- Opening Delimiter -
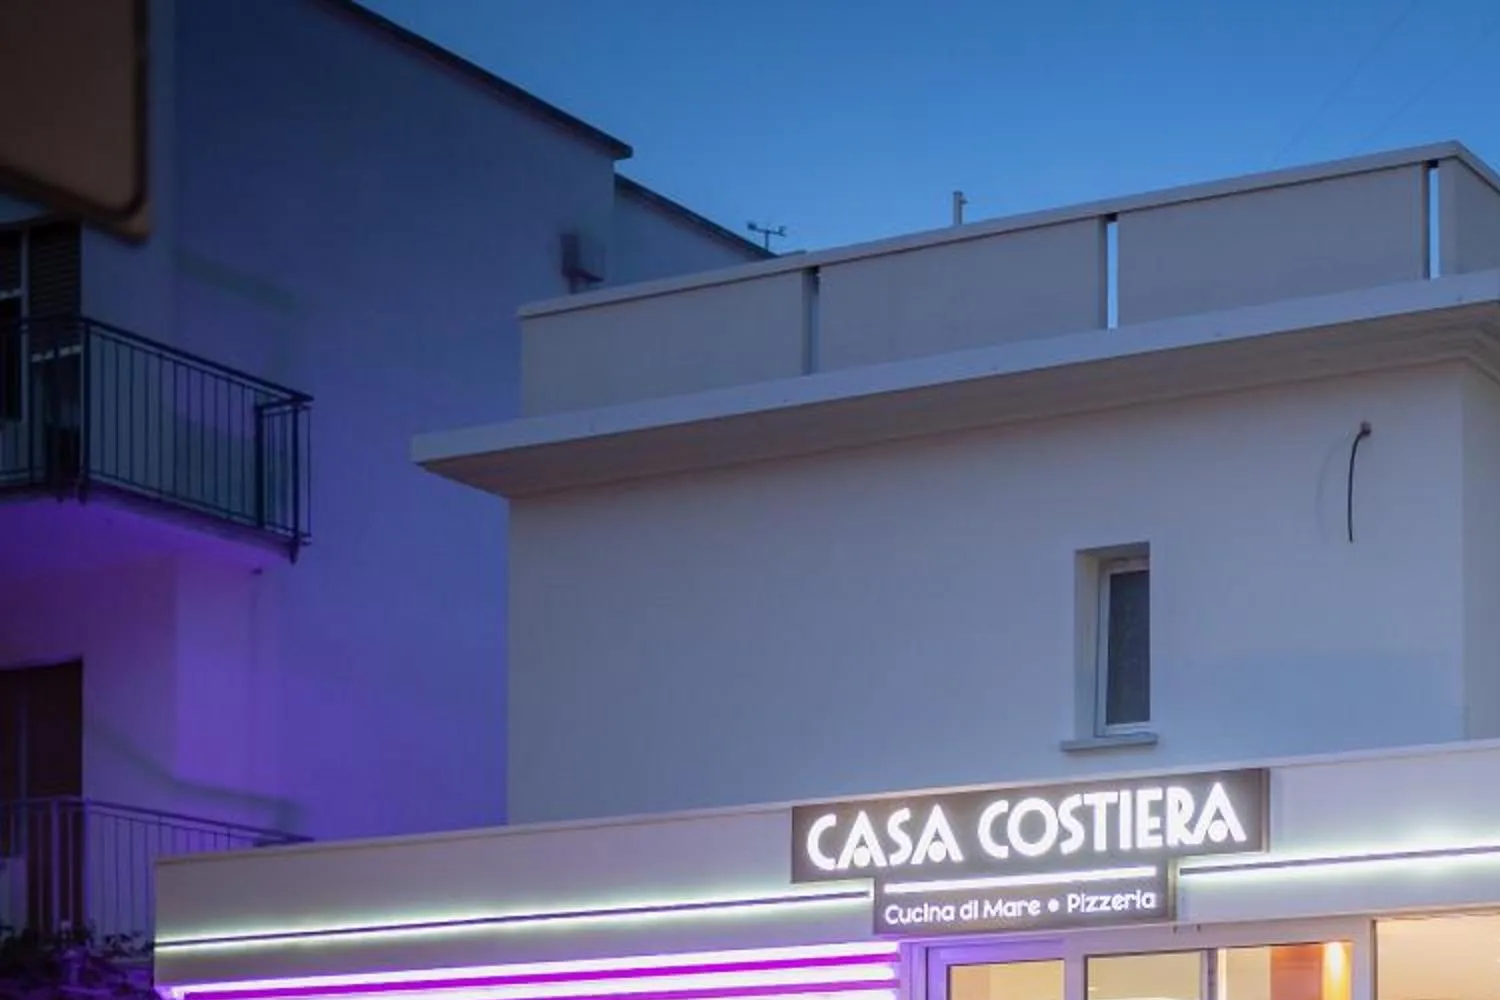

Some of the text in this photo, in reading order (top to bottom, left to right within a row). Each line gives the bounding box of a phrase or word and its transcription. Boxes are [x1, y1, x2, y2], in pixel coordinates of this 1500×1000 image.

[807, 782, 1247, 870] CASA COSTIERA
[884, 889, 1157, 925] Cucina di Mare Pizzeria
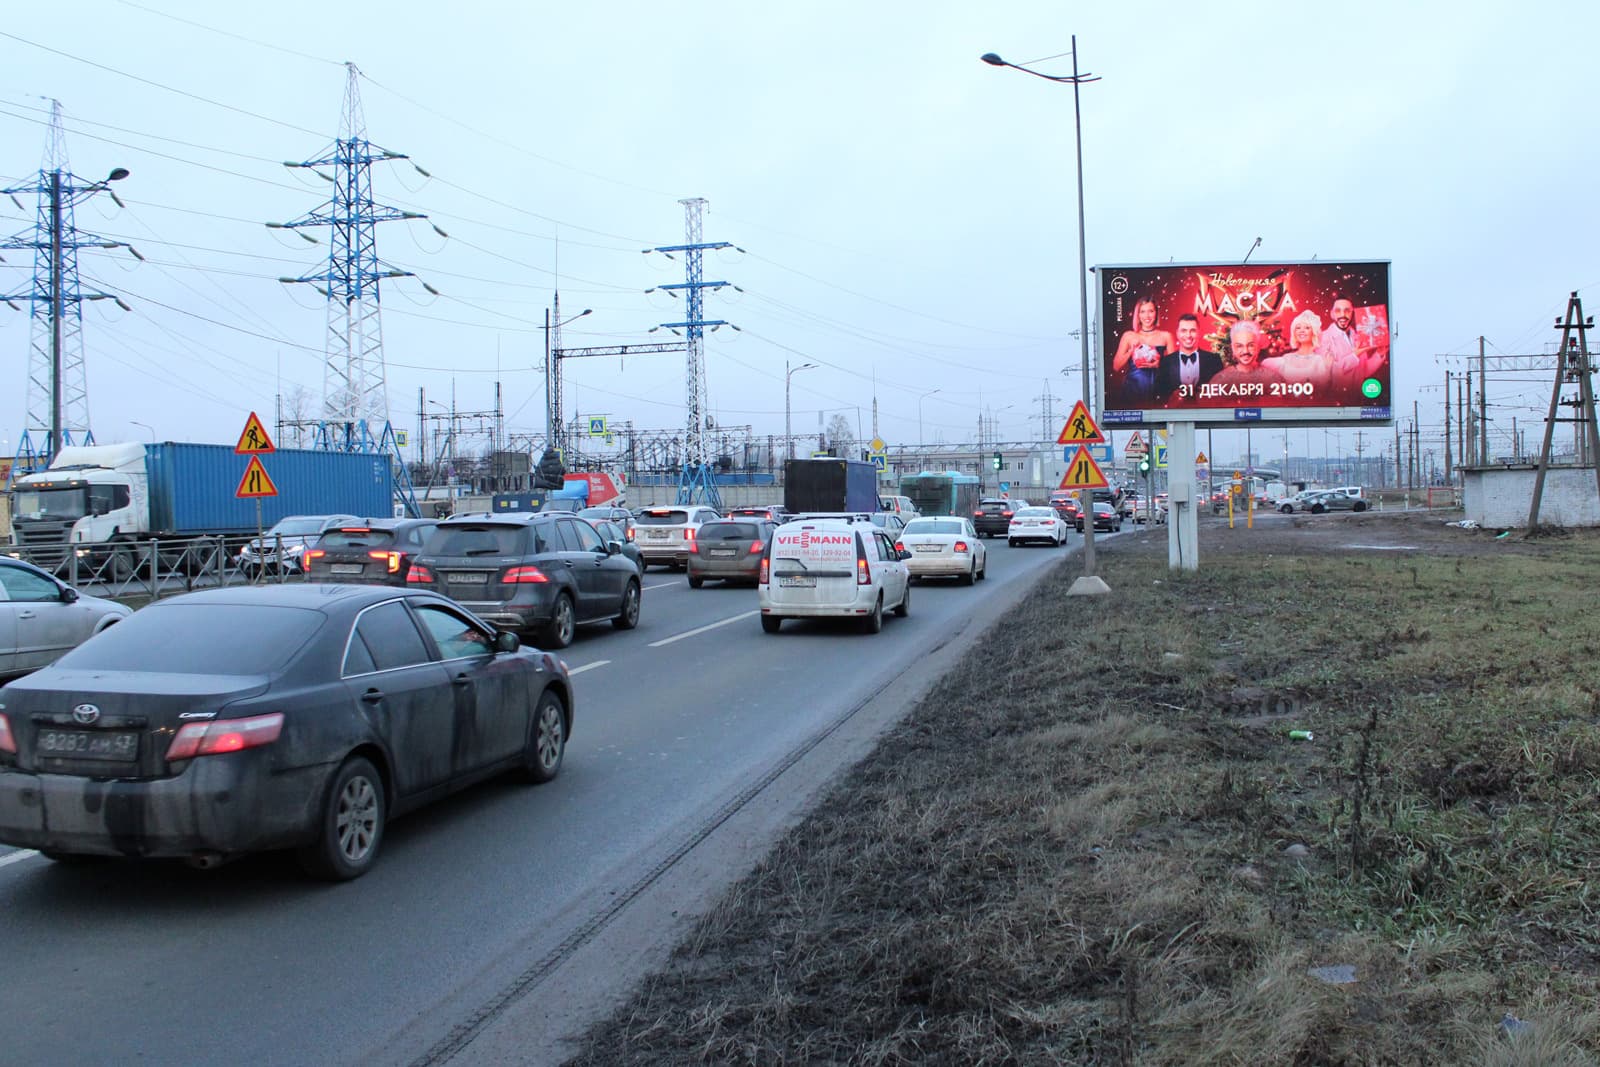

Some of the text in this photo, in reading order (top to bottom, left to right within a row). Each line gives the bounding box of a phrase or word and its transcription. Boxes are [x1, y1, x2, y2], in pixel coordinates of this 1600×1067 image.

[1113, 281, 1127, 290] 12+
[1209, 273, 1276, 293] Новогодняя
[1194, 290, 1297, 313] МАСКА
[1179, 382, 1314, 398] 31 ДЕКАБРЯ 21:00
[778, 532, 851, 548] VIESSMANN
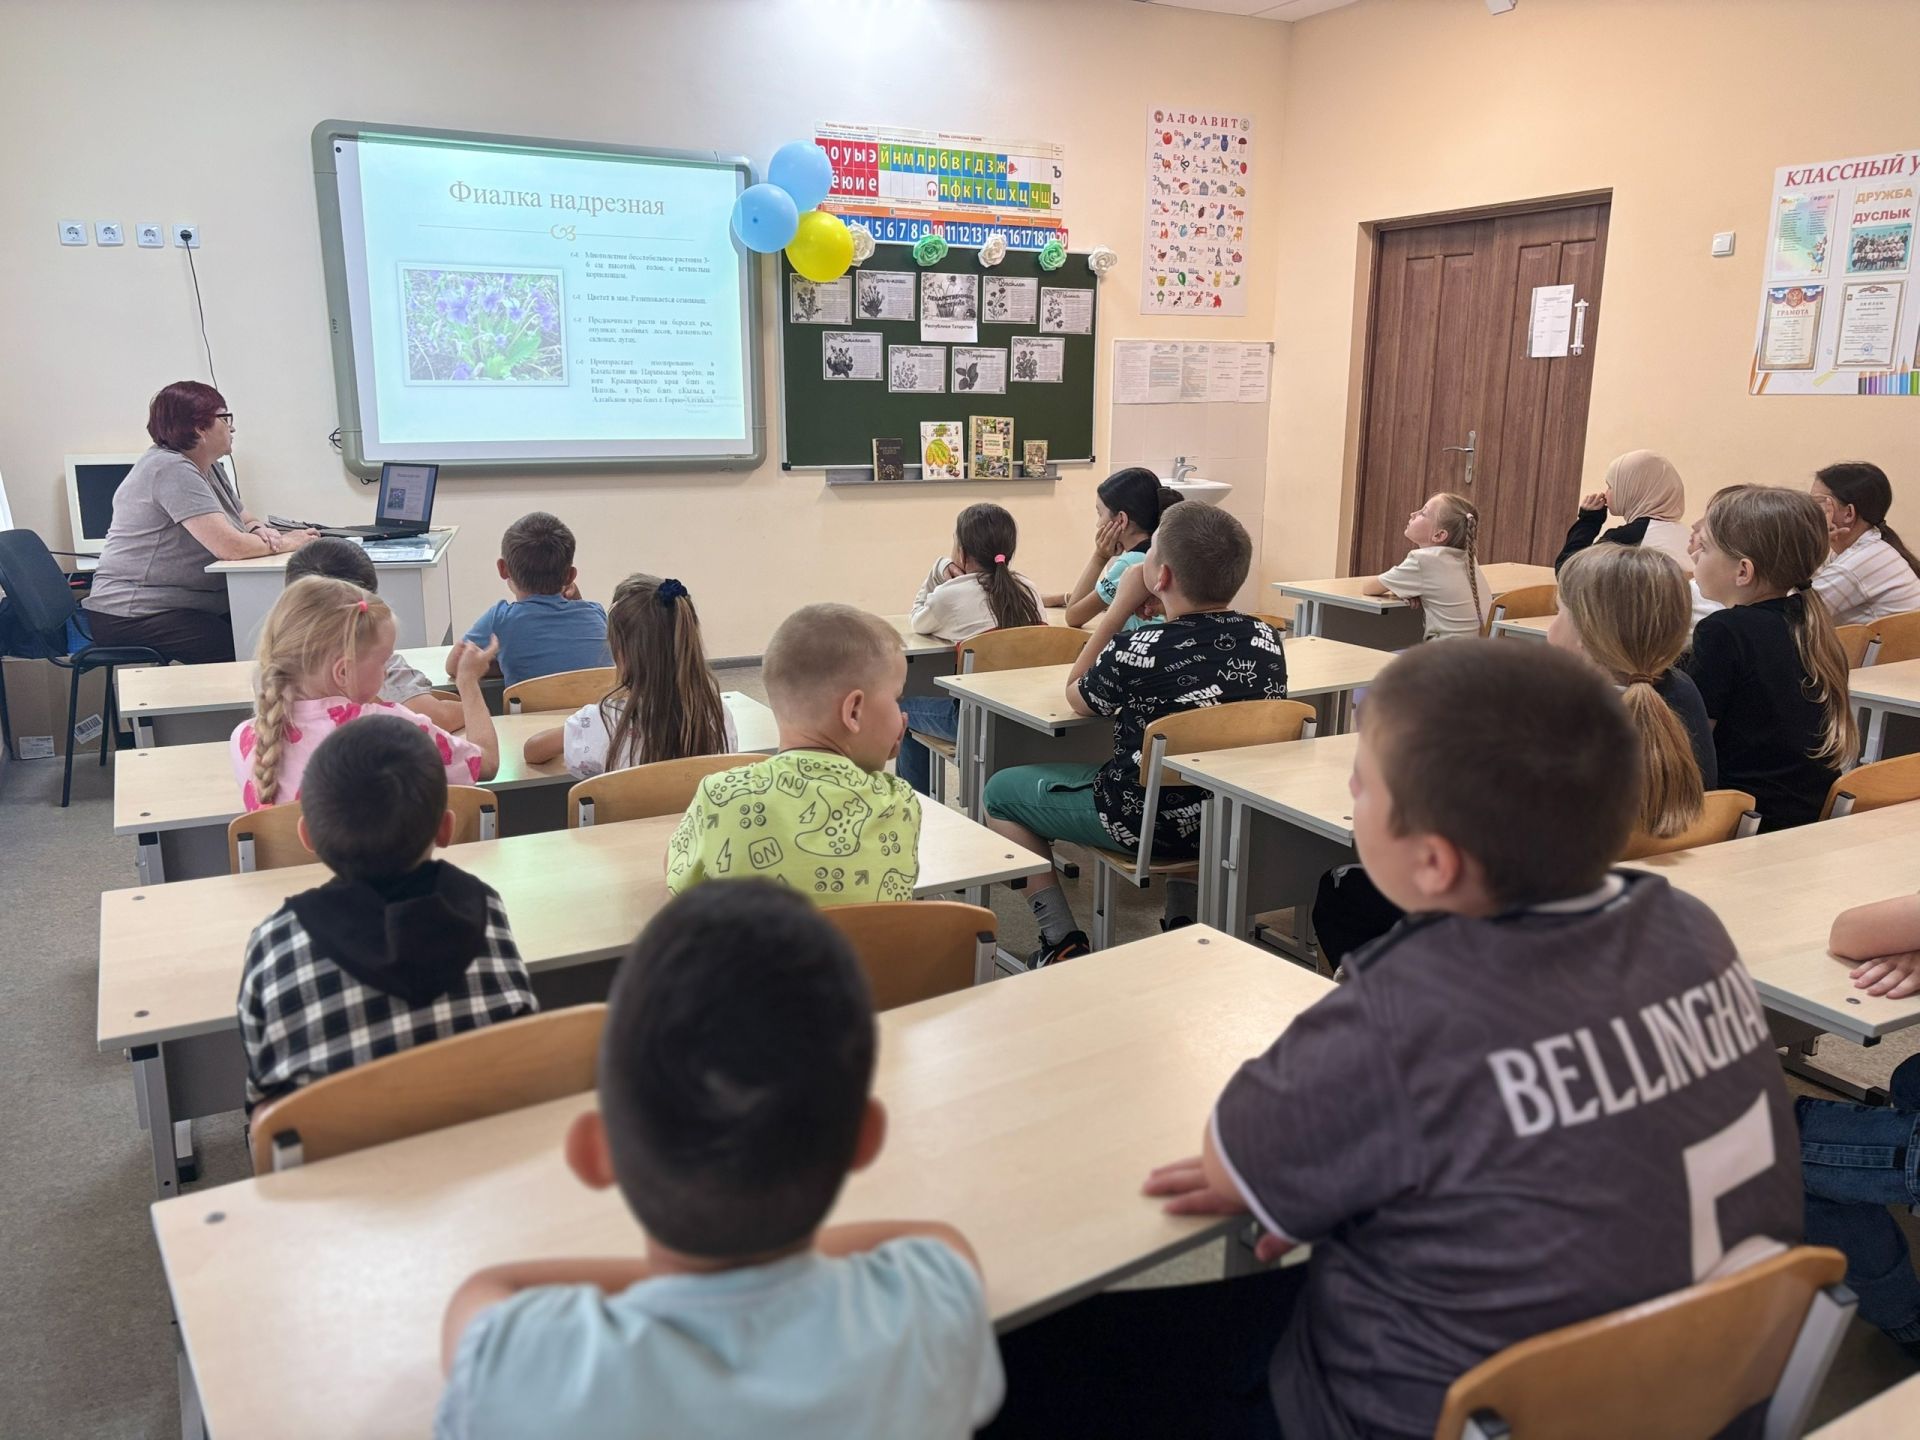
- Closing Delimiter -
● REQUIRED ACTION
Word for word, please, restate the lines of the listing from the one holding "this 1600×1067 image." down to the last line, leaving out any pictures.

● OUTPUT FOR THIS EXERCISE
Some of the text in this photo, in reading order (top to bottom, left to right within a row). Each line gives the bounding box of a phrase or word and its transcription. Boxes are [x1, y1, x2, y2], in pixel coordinates of this 1600×1067 image.

[1113, 281, 1127, 290] 12+
[1209, 273, 1276, 293] Новогодняя
[1194, 290, 1297, 313] МАСКА
[1179, 382, 1314, 398] 31 ДЕКАБРЯ 21:00
[778, 532, 851, 548] VIESSMANN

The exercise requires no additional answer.